When he finally came to the door, half opened it, and found what Mildred wanted, he was still more annoyed. ‘For God’s sake, is she an infant? Suppose she’s not there, what do I do then? I went to bed – I don’t know what she did. Maybe she went somewhere. Maybe she had a blow-out. Maybe she’s looking at the moon. It’s a free country.’

‘She didn’t go anywhere.’

‘How do you know?’

‘Her dress is there.’

‘Couldn’t she have changed it?’

‘Her car is there.’

‘Couldn’t she have gone with somebody else?’

This simple possibility hadn’t even occurred to Mildred, and she was about to apologise and go back to her room when she became aware of Monty’s arm. He was leaning on it, but it was
across the door, in a curious way, as though to bar her from the room. Her hand, which was resting on the door casing, slipped up, flipped the light switch. Veda was looking at her, from the bed.

Monty, his voice an emasculated, androgynous yell, crammed all the bitterness, the futility of his life into a long, hysterical denunciation of Mildred. He said she had used him for her special purposes ever since she had met him. He said she was incapable of honour and didn’t know what it meant to stand by her commitments. He recalled the first 20 dollars she had given him, and how she had later begrudged it. He worked down to their marriage, and correctly accused her of using him as bait to attract the errant Veda. But, he said, what she had forgotten was that he was live bait, and the quarry and the bait had fallen in love, and how did she like that? And what was she going to do about it? But there was considerable talk about money mixed in with the chase, and what it added up to was that he had shown his independence of one woman who had been keeping him, with a pie wagon, by switching over and letting another woman keep him, with a voice.

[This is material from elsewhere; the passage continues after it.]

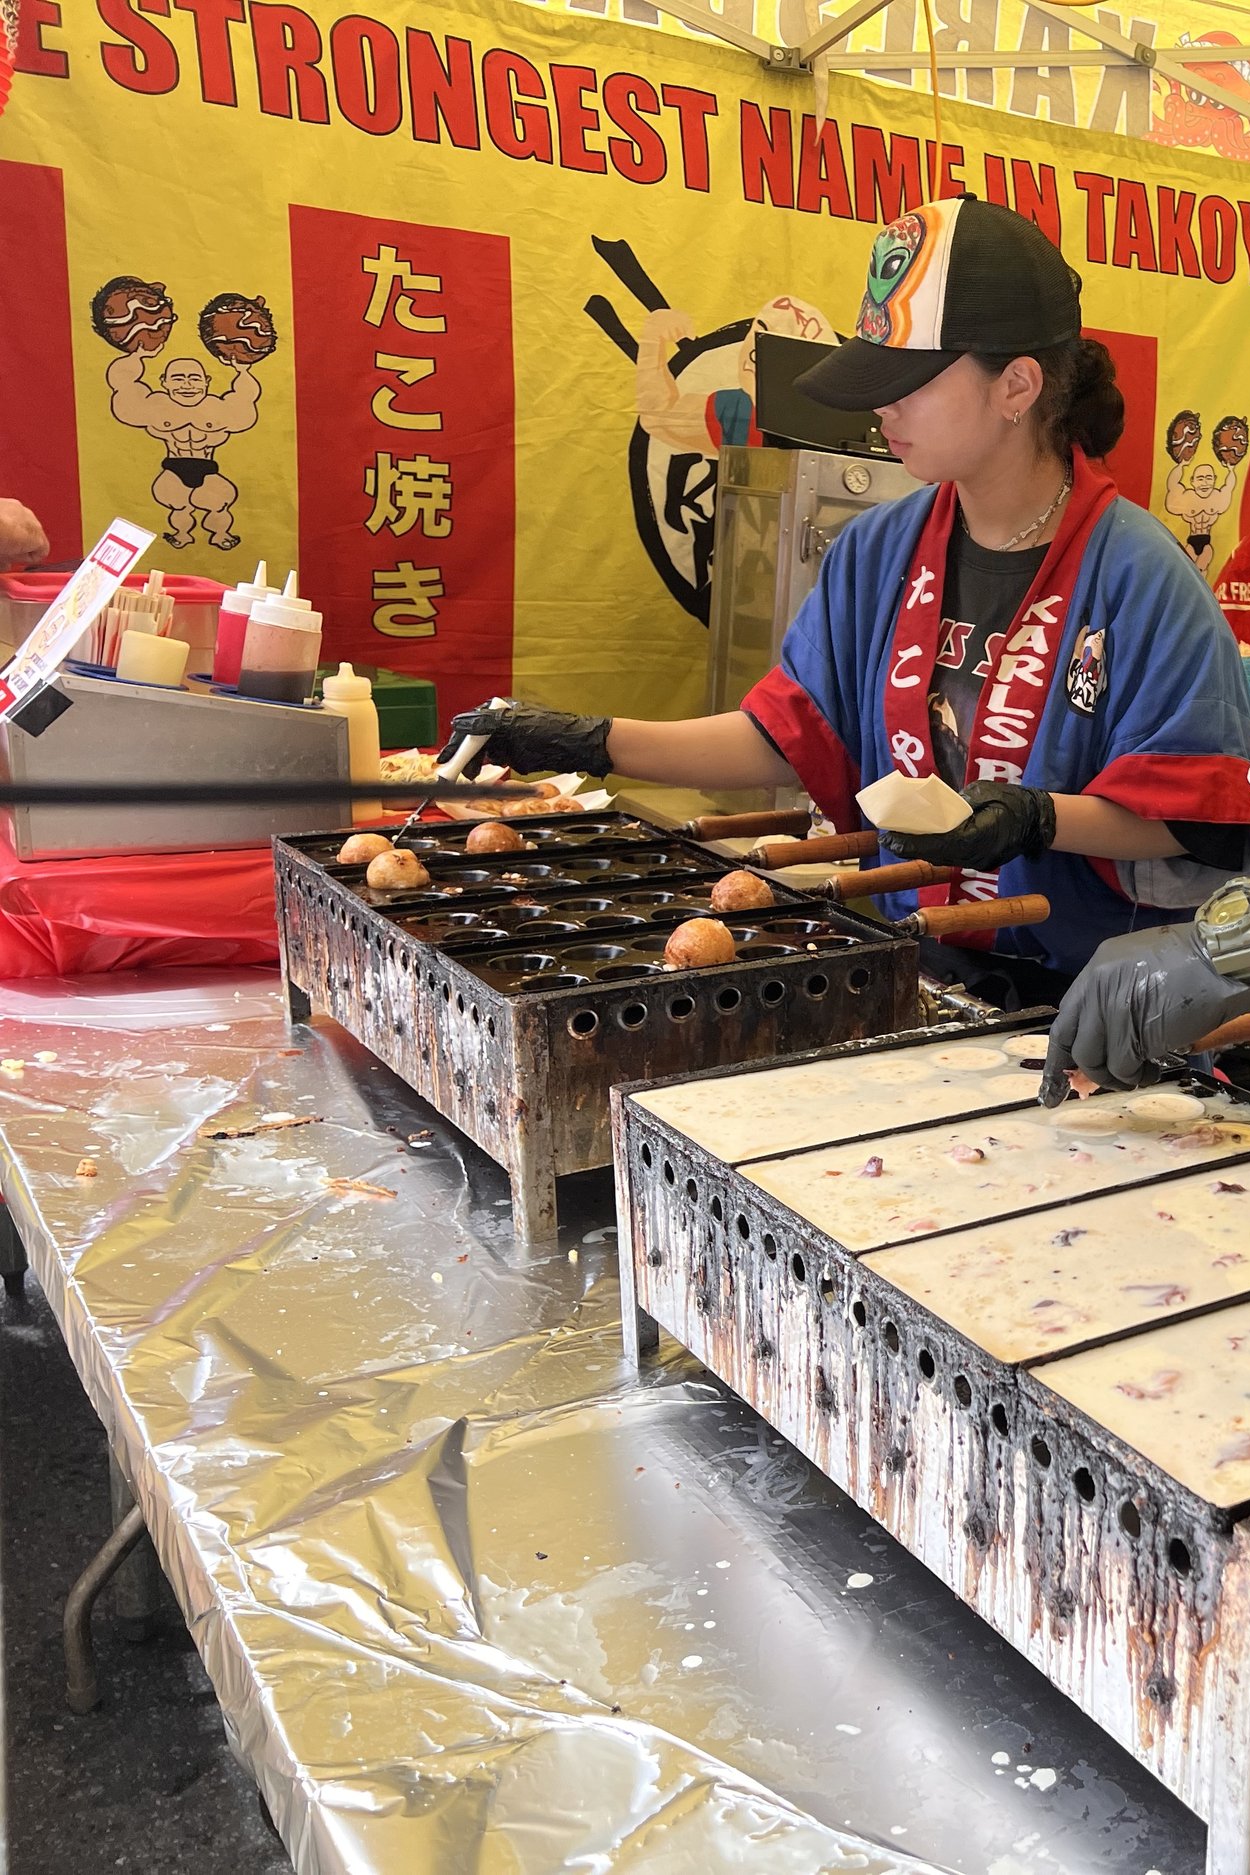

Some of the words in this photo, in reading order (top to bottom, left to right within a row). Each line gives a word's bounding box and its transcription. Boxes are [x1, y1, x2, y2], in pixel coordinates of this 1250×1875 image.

Mildred, however, barely heard him. She sat in the little upholstered chair, near the door, her hat on the side of her head, her handbag in her lap, her toes absurdly turned in. But while her eyes were on the floor, her mind was on the lovely thing in the bed, and again she was physically sick at what its presence there meant. When Monty had talked some little time, stalking gauntly about in his pyjamas, Veda interrupted him with affectionate petulance: ‘Darling. Does it make any difference what such nitwits do, or whether they pay, or even know what a commitment is? Look what a pest she is to me. I literally can’t open my mouth in a theatre, or a radio studio, or anywhere, that she isn’t there, bustling down the aisle, embarrassing me before people, all to get
her
share of the glory, if any. But what do I do? I certainly don’t go screaming around the way
you’re
doing. It would be undignified. And very’ – here Veda stifled a sleepy yawn – ‘
very
bad for my throat . . . Get dressed now, and we’ll
clear out, and leave her to her pie plates, and by lunch time it’ll merely seem funny.’